Após ter relações sexuais sem proteção: quando a camisinha estoura, se ocorre falha no coito interrompido (o método de gozar fora da vagina para evitar gravidez) ou se a mulher transar depois de deixar de tomar dois ou mais comprimidos da cartela da pílula tradicional.

2. Quanto tempo depois da relação desprotegida ela deve ser tomada?

"O primeiro comprimido deve ser tomado até 72 horas após a relação sexual desprotegida. O segundo, 12 horas após o primeiro", explica Erica. Também existem versões de dose única.

3. Qual é a sua eficácia?

Se for tomada no primeiro dia, é de 95%. No segundo dia após a transa, cai para 85%. Portanto, quanto antes tomar a pílula do dia seguinte, melhor. Não é preciso receita médica para comprá-la.

4. Como essa pílula age no organismo?

"Ela impede ou retarda a liberação de um óvulo do ovário, impedindo a fecundação. Outro efeito é 'atrapalhar' a fixação do óvulo fecundado no útero. Além disso, a pílula do dia seguinte modifica o muco cervical, dificultando o transporte dos espermatozoides em direção ao óvulo", explica a médica.

5. Quais seus efeitos colaterais?

Os efeitos variam de pessoa para pessoa e podem durar horas ou alguns dias. Nos casos mais comuns, provoca um pequeno sangramento escuro e desregula a menstruação por cerca de três meses, causando atrasos ou adiantamentos no ciclo. Dor de cabeça, enjoo e dor nos seios também podem ocorrer.

6. O que acontece caso a mulher tome a pílula com uma frequência de três vezes no mesmo mês, por exemplo?

Se for usada dessa forma, a eficácia da pílula do dia seguinte diminui bastante.
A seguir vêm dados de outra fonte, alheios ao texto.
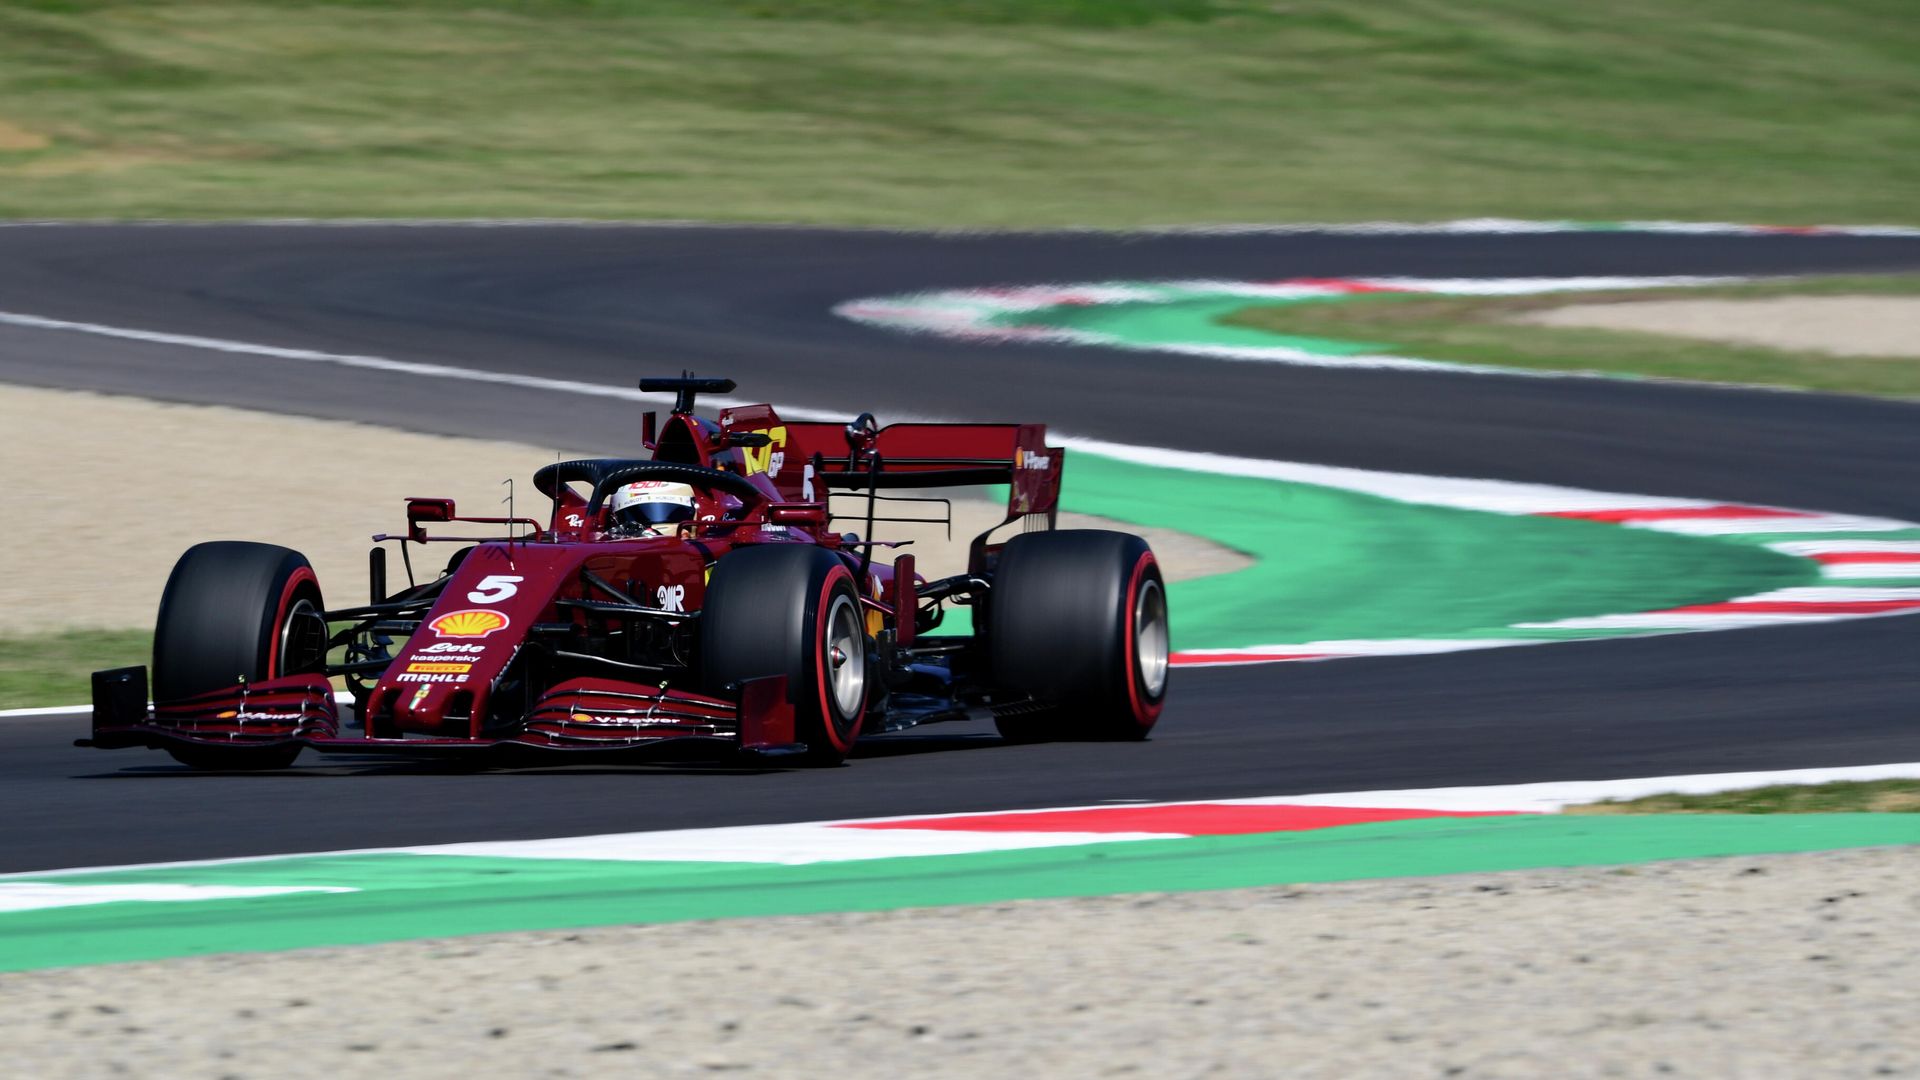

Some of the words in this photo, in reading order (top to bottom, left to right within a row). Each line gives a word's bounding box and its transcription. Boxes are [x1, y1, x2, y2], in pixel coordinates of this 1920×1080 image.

[467, 575, 524, 604] 5
[410, 655, 480, 663] kaspersky
[396, 673, 470, 682] MAHLE
[594, 716, 681, 724] V-Power
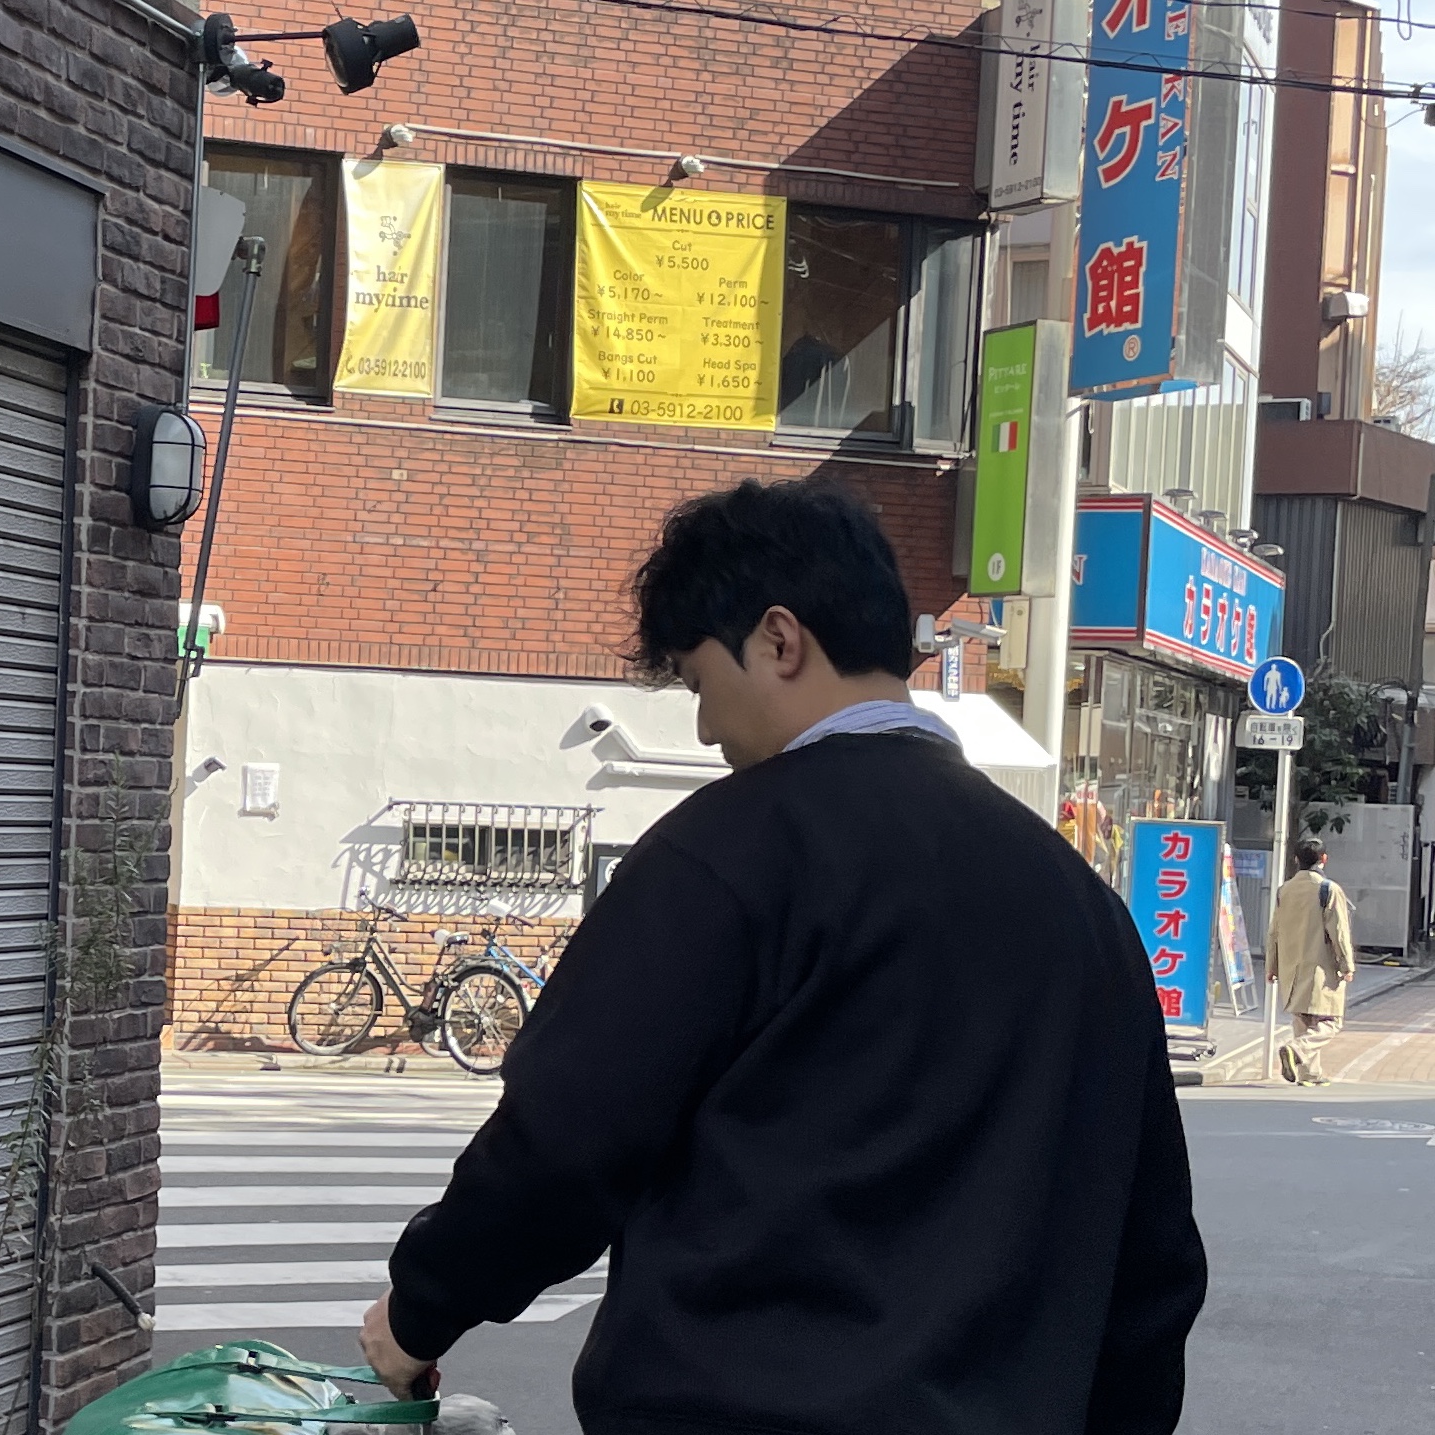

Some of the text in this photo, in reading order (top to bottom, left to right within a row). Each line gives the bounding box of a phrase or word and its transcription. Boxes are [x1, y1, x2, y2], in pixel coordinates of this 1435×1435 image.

[1009, 101, 1026, 166] time
[1155, 66, 1185, 182] KAN
[651, 206, 775, 231] MENU PRICE
[671, 240, 693, 252] Cut
[376, 265, 408, 284] hair
[613, 269, 645, 282] Color
[718, 277, 748, 290] Perm
[587, 308, 669, 325] Straight Perm
[702, 316, 761, 331] Treatment
[598, 350, 658, 366] Bangs Cut
[702, 358, 757, 373] Head Spa
[358, 358, 427, 380] 03-5912-2100
[630, 399, 744, 421] 03-5912-2100
[1182, 574, 1257, 665] カラオケ館
[1152, 831, 1193, 1019] カラオケ館
A menstruação fica bem desregulada e as chances de gravidez aumentam muito.

7. A pílula do dia seguinte faz efeito por quanto tempo?

O contraceptivo de emergência só impede a gravidez relacionada à transa que aconteceu antes de ele ser ingerido. Se transar depois, é preciso se proteger.

8. Existe idade mínima para usá-la?

Não. Qualquer mulher em idade reprodutiva pode utilizar.

9. O uso com outro remédio pode diminuir sua eficácia?

"Se for utilizada com medicamentos que interferem na ação dos hormônios presentes em sua fórmula, a eficácia pode ser reduzida e causar falhas. Dentre esses medicamentos estão alguns antibióticos (tetraciclina, ampicilina, oxacilina, doxicilina) e anticonvulsivantes. Por isso, o ideal é avisar seu médico sobre os remédios que utiliza", orienta Erica.

10. Quanto tempo depois de tomar a pílula do dia seguinte posso voltar para a pílula de uso diário?

O ideal é ser avaliada por um ginecologista antes. A nova cartela só deve ser iniciada quando a menstruação descer de novo.

11. Qual a diferença entre a pílula do dia seguinte e o anticoncepcional que se toma todo dia?

A pílula do dia seguinte é um método de exceção, ou seja, deve ser tomada só em caso de emergência. Para mulheres com vida sexual ativa, o ideal é usar um método de barreira (camisinha masculina ou feminina) associado a um anticoncepcional hormonal via oral ou injetável. O contraceptivo de emergência pode falhar e causar irregularidade menstrual se for utilizado muitas vezes. Já o anticoncepcional de uso diário tende a regularizar a menstruação. Se tomado corretamente, apresenta índice de falha extremamente baixo.